TASK DATA Start Marker
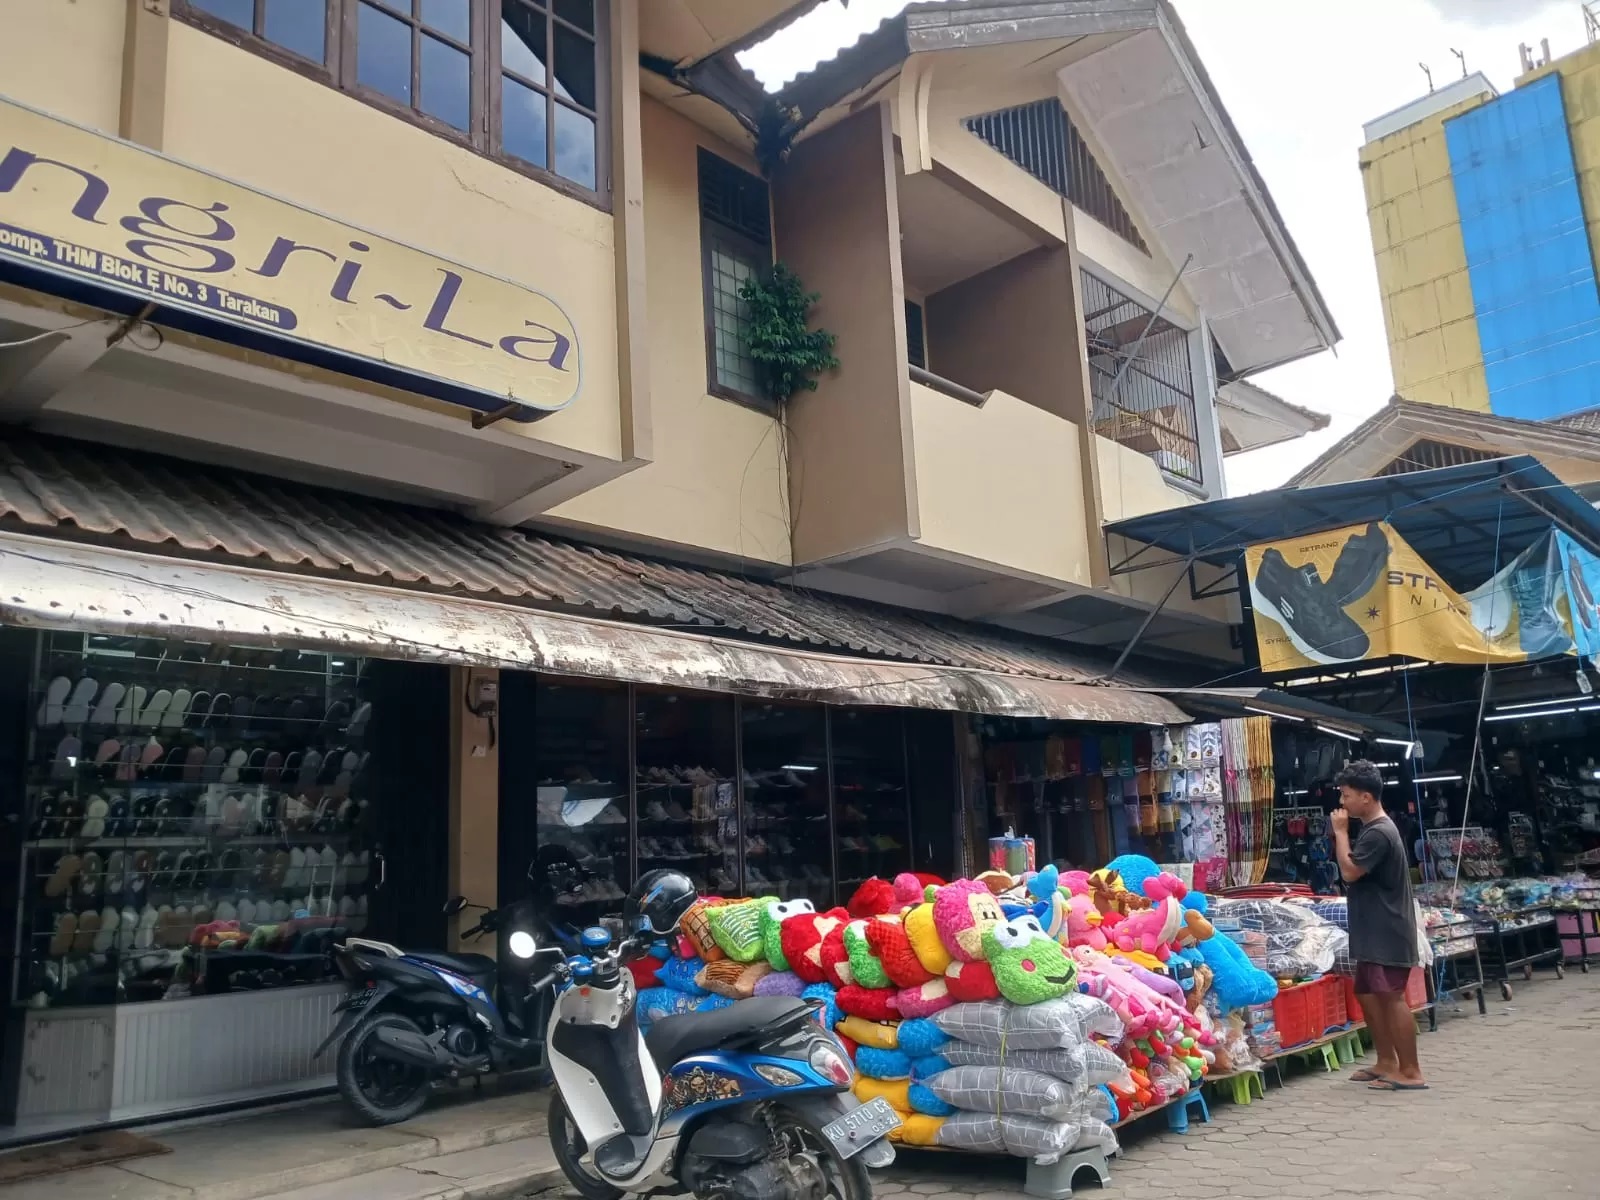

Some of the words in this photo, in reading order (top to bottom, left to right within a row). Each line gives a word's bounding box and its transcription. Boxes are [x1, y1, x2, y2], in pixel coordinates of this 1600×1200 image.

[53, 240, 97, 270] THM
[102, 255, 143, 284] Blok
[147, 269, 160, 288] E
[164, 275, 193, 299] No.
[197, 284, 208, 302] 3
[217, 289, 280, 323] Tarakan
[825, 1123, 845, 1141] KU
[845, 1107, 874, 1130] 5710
TASK DATA End Marker
■ **REQUIRED ACTION**
Provide an exact copy of the records, excluding every picture.

■ **EXERCISE SOLUTION**
Some of the words in this photo, in reading order (top to bottom, left to right within a row). Each line gives a word's bounding box and its transcription. Boxes are [x1, y1, x2, y2], in pixel coordinates of this 1600×1200 image.

[53, 240, 97, 270] THM
[102, 255, 143, 284] Blok
[147, 269, 160, 288] E
[164, 275, 193, 299] No.
[197, 284, 208, 302] 3
[217, 289, 280, 323] Tarakan
[825, 1123, 845, 1141] KU
[845, 1107, 874, 1130] 5710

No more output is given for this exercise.